Top of Source material
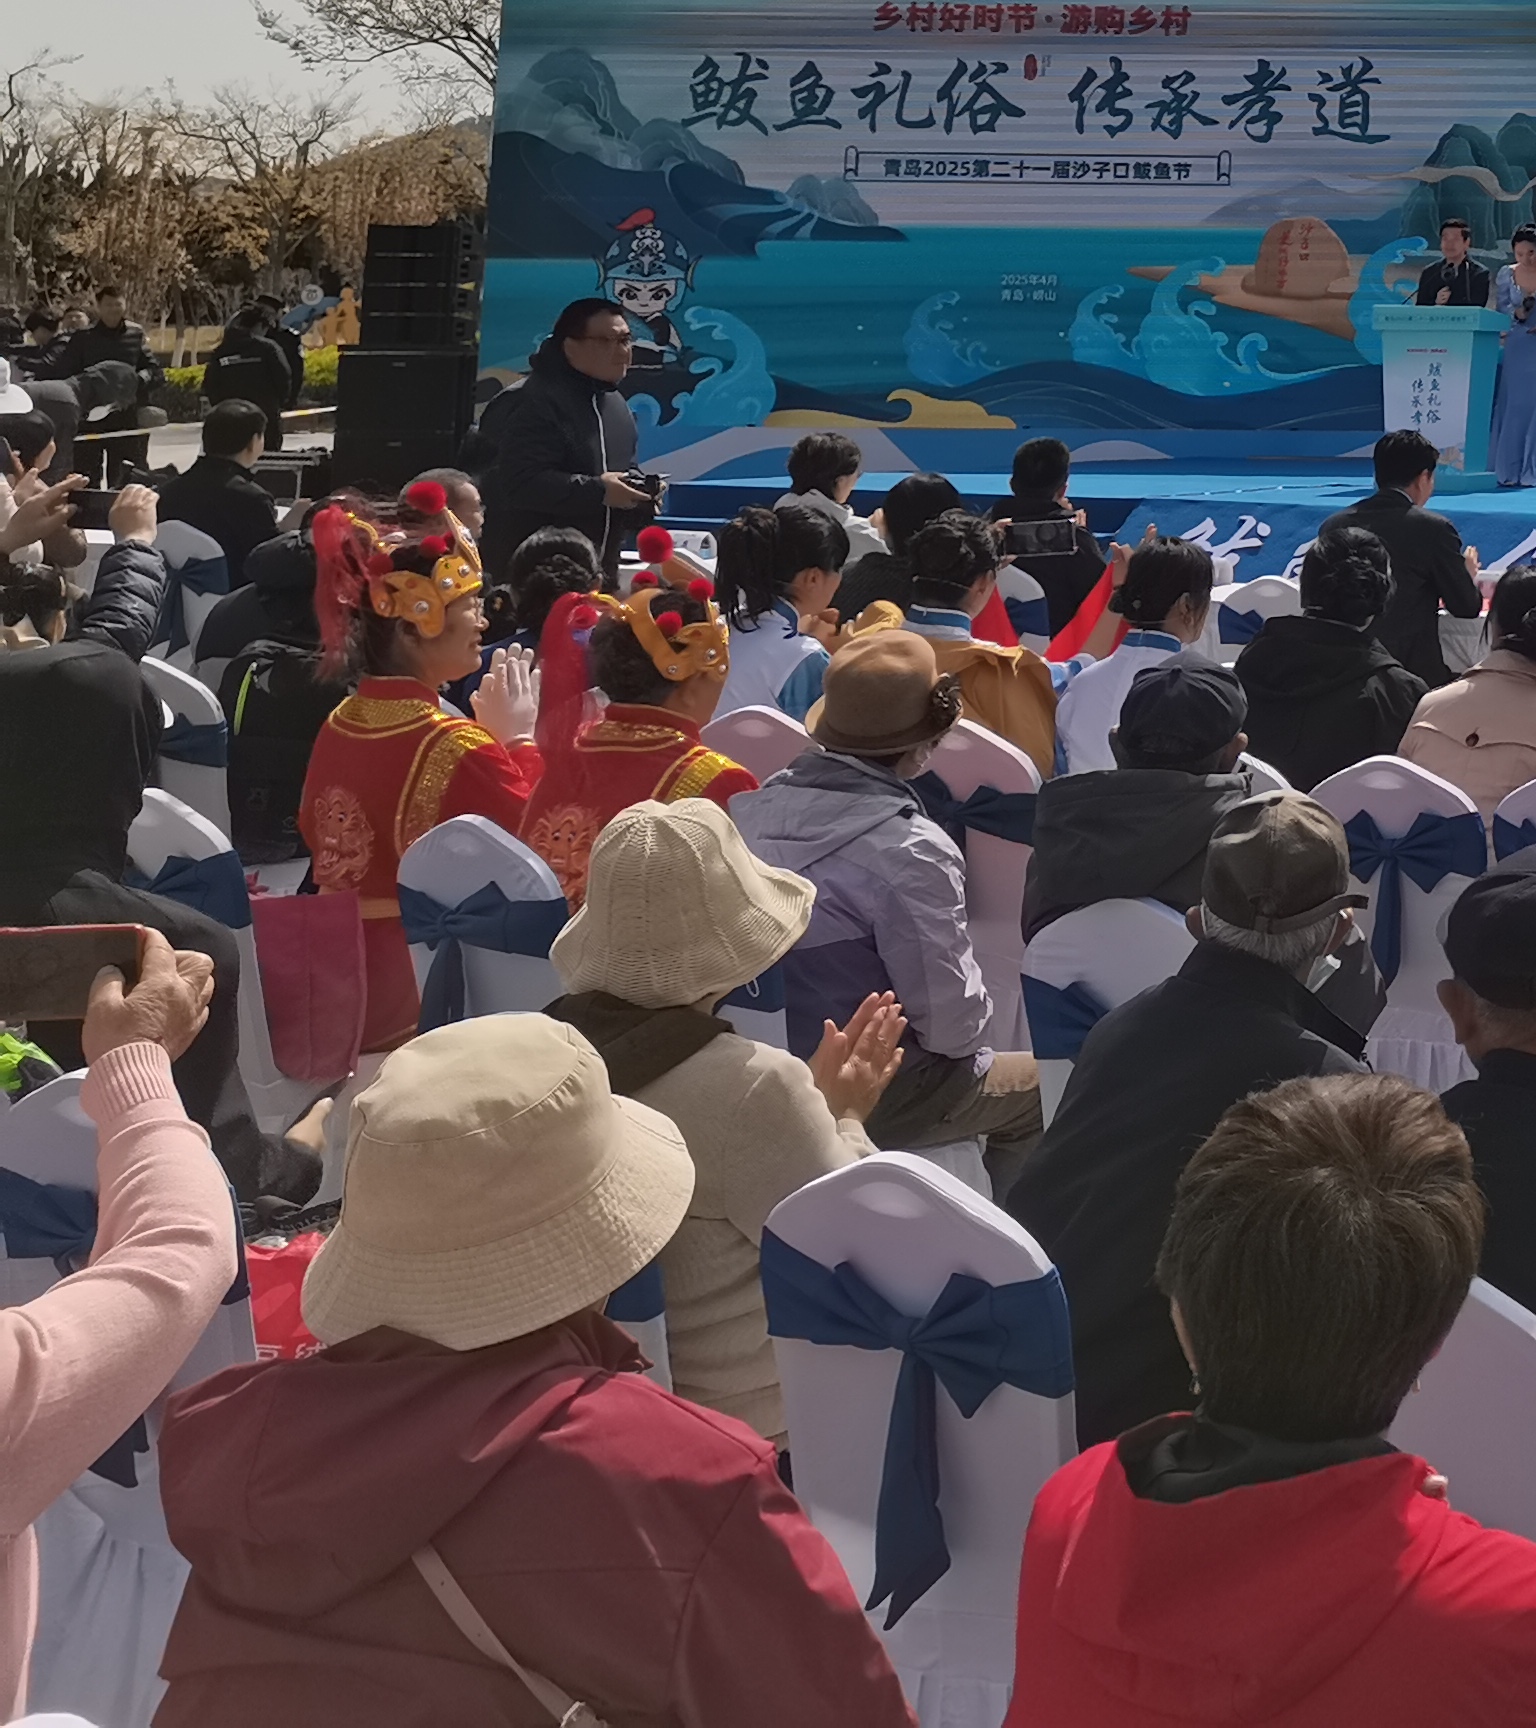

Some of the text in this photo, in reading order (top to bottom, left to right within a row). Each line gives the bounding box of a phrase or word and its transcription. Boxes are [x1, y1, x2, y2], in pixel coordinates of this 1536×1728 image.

[872, 2, 1192, 36] 乡村好时节·游购乡村
[680, 51, 1391, 145] 鲅鱼礼俗 传承孝道
[883, 157, 1193, 181] 青岛2025第二十一届沙子口鲅鱼节
[1001, 273, 1058, 286] 2025年4月
[1410, 378, 1425, 433] 传承孝
Bottom of Source material
Output, exactly, all the records above; include no pictures.

Answer box:
Some of the text in this photo, in reading order (top to bottom, left to right within a row). Each line gives the bounding box of a phrase or word and its transcription. Boxes are [x1, y1, x2, y2], in pixel coordinates of this 1536×1728 image.

[872, 2, 1192, 36] 乡村好时节·游购乡村
[680, 51, 1391, 145] 鲅鱼礼俗 传承孝道
[883, 157, 1193, 181] 青岛2025第二十一届沙子口鲅鱼节
[1001, 273, 1058, 286] 2025年4月
[1410, 378, 1425, 433] 传承孝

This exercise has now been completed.